I think RSS 1 already has solved some of the problems facing us if we use opensearch, I think more RDF use could open interesting applications for koha and I think RSS 2's namespace problem is a pain.

Good summmary ... thanks for that.

= The Namespace Problem =

The problem is that the spec RSS 2 says "the elements defined in this document are not themselves members of a namespace" and while that looks like a really smart idea to simplify parsing, it makes a few processes and applications difficult. There are these elements, floating around without a namespace, disconnected and trying to claim to be the root in any file containing RSS 2 elements.

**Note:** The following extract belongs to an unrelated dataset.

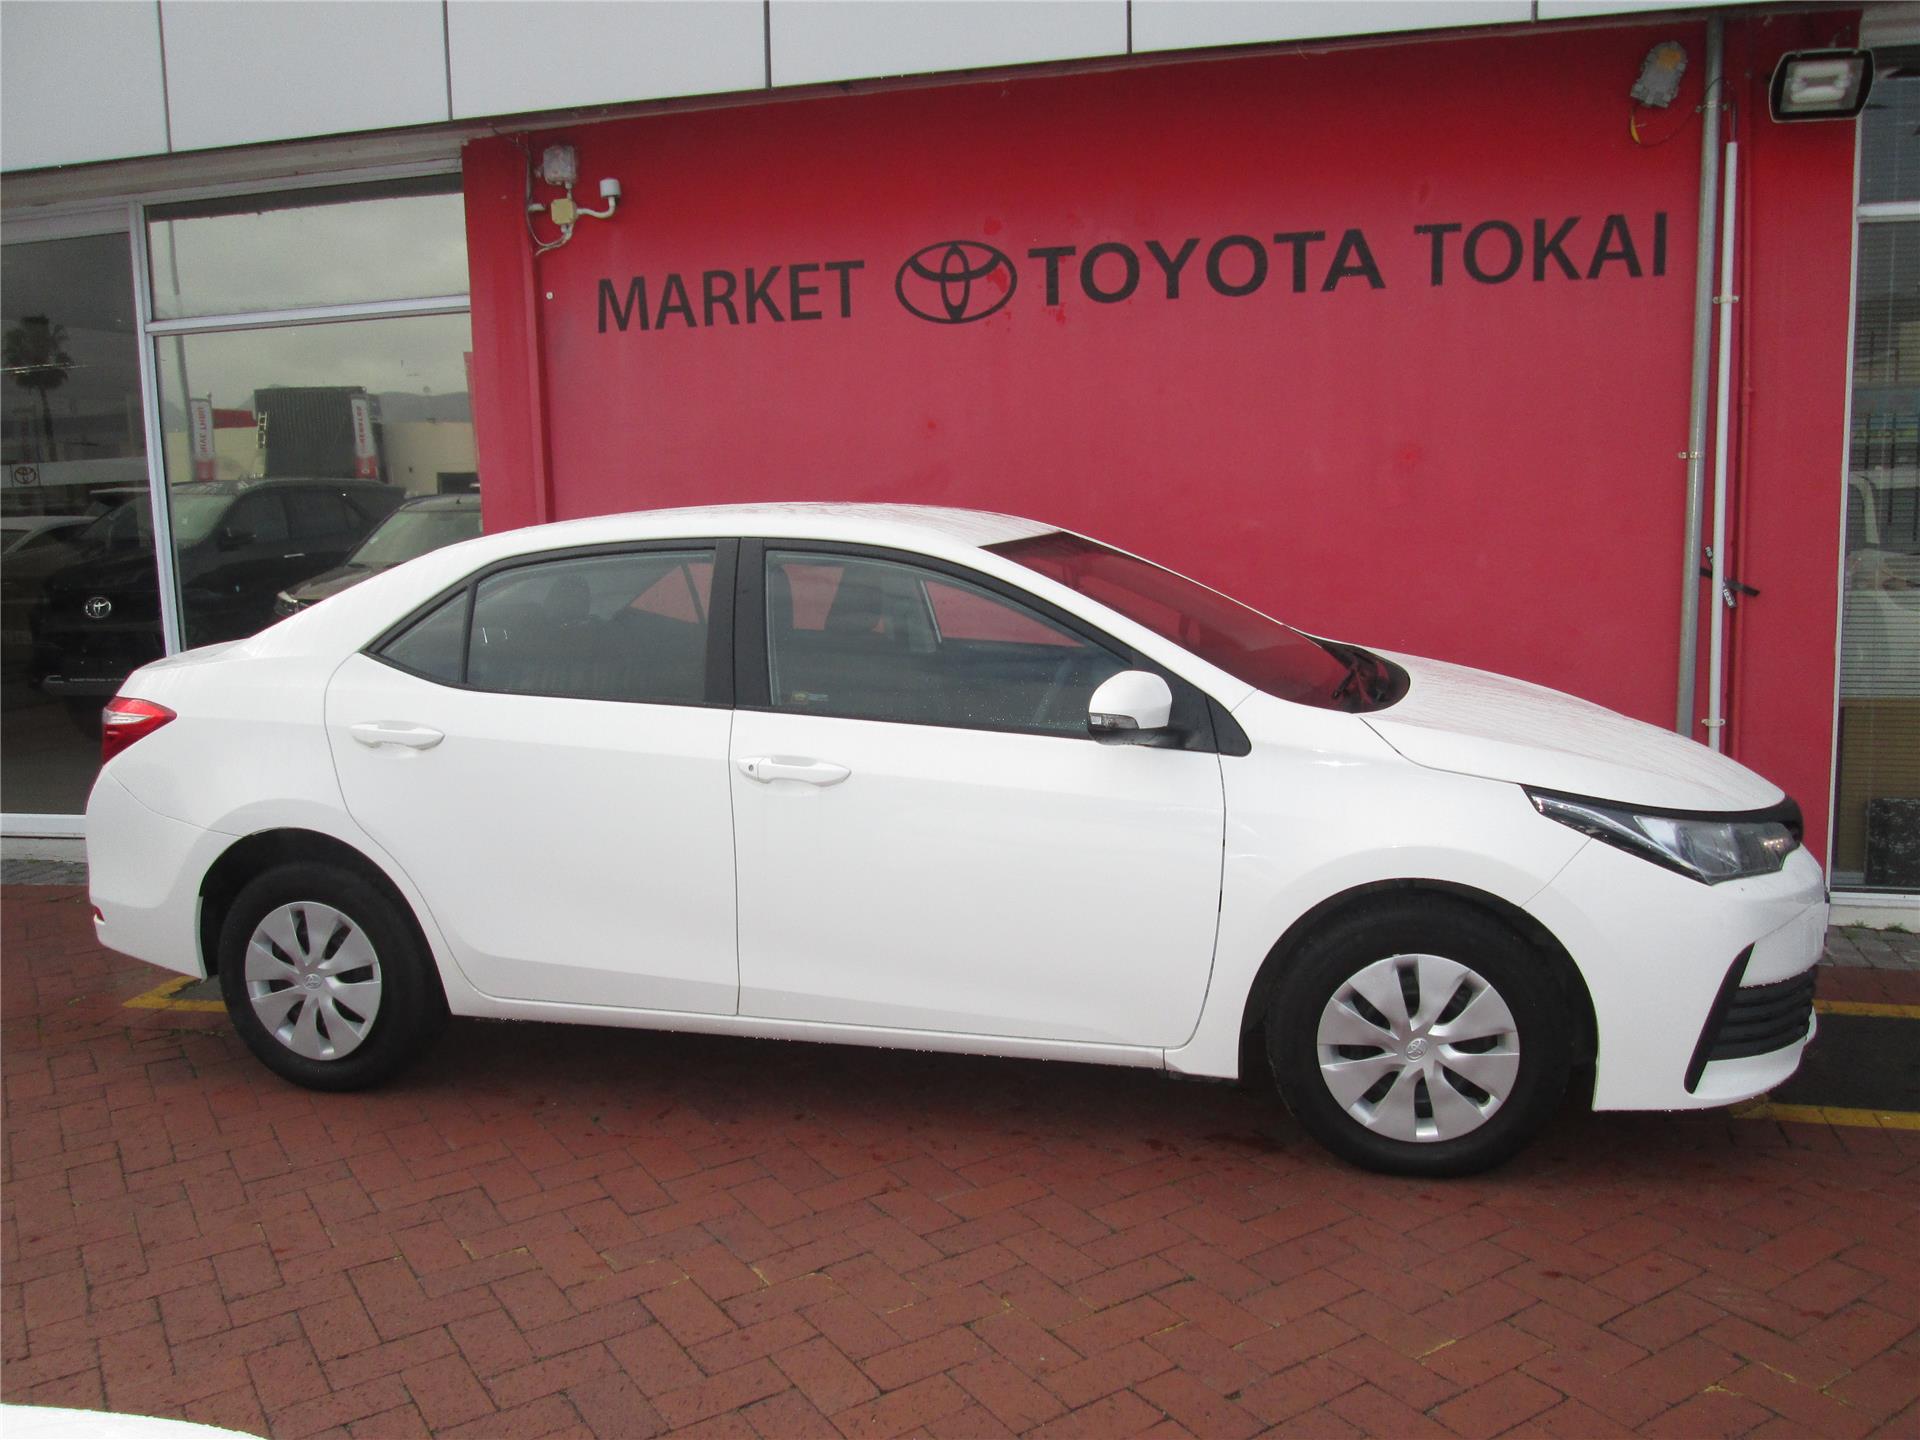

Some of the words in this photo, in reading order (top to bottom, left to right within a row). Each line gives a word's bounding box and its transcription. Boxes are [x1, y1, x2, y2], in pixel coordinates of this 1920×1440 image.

Basically, imagine writing a large perl system without using modules at all, putting it all in the global namespace. Yes, it used to be done and can still be done, but most people don't do it any more. Why don't we do it? Isolation. It helps to keep things in neat little units, making it easier to test and easier to change one with less risk of messing up the others. I know we're still not very good at unit testing koha modules, but can everyone agree with the general idea it's better we use modules than have it all in one big flat namespace?

I grok the Perl analogy and I agree that RSS 2 namespaces aren't ideal. The problem is that OpenSearch is widely adopted and if we want to tap into those sources we'll need an OpenSearch search and retrieval engine.

= Problems Already Solved =

Also interesting for libraries is the availability of the Dublin Core metadata elements in an RSS 1.0 main module. A lot of the things opensearch is trying to do have already been in RDF Site Summary for years, such as returning metadata appropriate to search results. Look at the mod_search module - what do we need to do that isn't already developed by the XML-DEV hackers?

We need to tap into the available sources using other standards instead of just focusing on library-specific search applications.

= Interesting Applications =

Almost certainly, ILL is one thing I've not seen yet. I think the OpenIll namespace is interesting and should be used, especially if we can build bridges to other system developers. I'm not sure what should be in there, as I've not done much with ILL. I hope that it can be used alongside RDF and maybe be more general for it, linking with Dublin Core and other useful namespaces. Is that possible?

Absolutely. I think that Koha's metasearching should definitely support searching of DC and related namespaces.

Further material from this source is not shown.